Le ministre allemand des Affaires étrangères, Guido Westerwelle, a rejeté lundi le versement d’une aide financière à la Grèce sans qu’Athènes ait présenté d’abord un programme crédible de réduction de son déficit.

«Faire trop tôt des promesses d’aide concrète ne va que conduire à retirer la pression sur la Grèce», a estimé M. Westerwelle à son arrivée à Luxembourg à une réunion avec ses homologues européens.

«Il faut avant tout que la consolidation du budget ait lieu en Grèce», a-t-il estimé. Sinon, «les devoirs de la Grèce ne seront pas réalisés avec l’application et la discipline nécessaire».

Athènes a demandé formellement vendredi l’activation d’un plan d’aide conjoint grâce auquel ses partenaires de la zone euro prêteraient deux tiers et le FMI un tiers d’une somme nécessaire pour combler les besoins de financement du pays.
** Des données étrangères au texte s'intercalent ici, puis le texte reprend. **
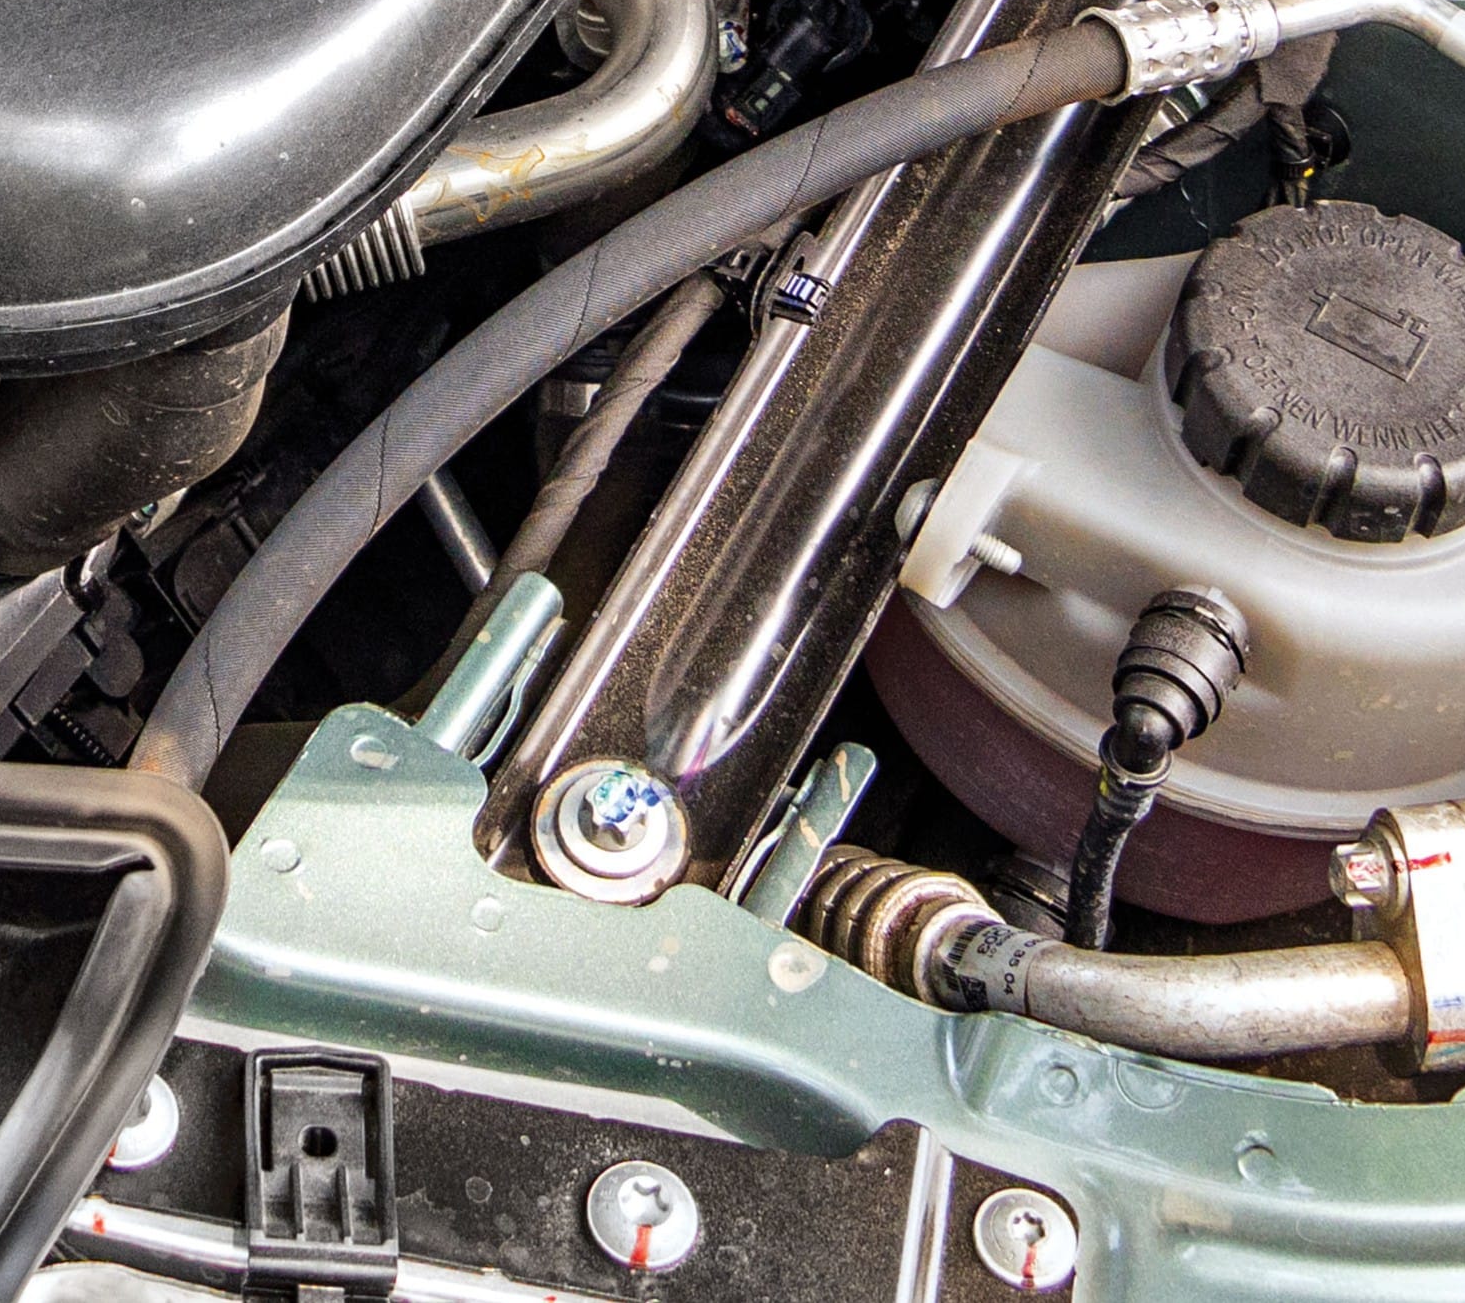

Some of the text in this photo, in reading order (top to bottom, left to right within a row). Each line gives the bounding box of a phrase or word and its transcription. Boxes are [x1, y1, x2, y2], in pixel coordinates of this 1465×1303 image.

[1360, 226, 1434, 270] OPEN
[1332, 415, 1410, 452] WENN
[1004, 972, 1015, 996] 04
Mais l’Allemagne, première économie européenne, pourrait dire non à la demande d’aide de la Grèce si Athènes ne met pas en œuvre dans les prochaines années une «politique de rigueur stricte», avait dit dimanche le ministre allemand des finances Wolfgang Schaüble.

Des taux inédits, signe de marchés craintifs

Les taux grecs à 10 ans ont dépassé lundi matin, pour la première fois depuis l’entrée du pays dans la zone euro en 2001, le seuil de 9%. C’est un signe que la demande d’aide formulée par la Grèce vendredi n’a pas suffi à calmer les marchés.

En matinée, les taux longs grecs étaient à 9,116% contre 8,680% vendredi soir, soit leur plus haut niveau depuis l’entrée du pays dans la zone euro en 2001. Leur précédent plus haut datait de vendredi matin, à 8,950%.

Le différentiel entre l’emprunt grec et son homologue allemand à 10 ans (le «spread») qui sert de référence sur le marché obligataire, s’élevait à 607 points de base contre 561 vendredi soir. Il s’agit du plus haut niveau de «spread» pour la Grèce depuis 1997.

Les taux grecs à 2 ans, de leur côté, s’établissaient lundi matin à plus de 12%, du jamais vu également, signe d’une forte défiance à court terme sur la solvabilité du pays et sa capacité à réduire drastiquement ses déficits.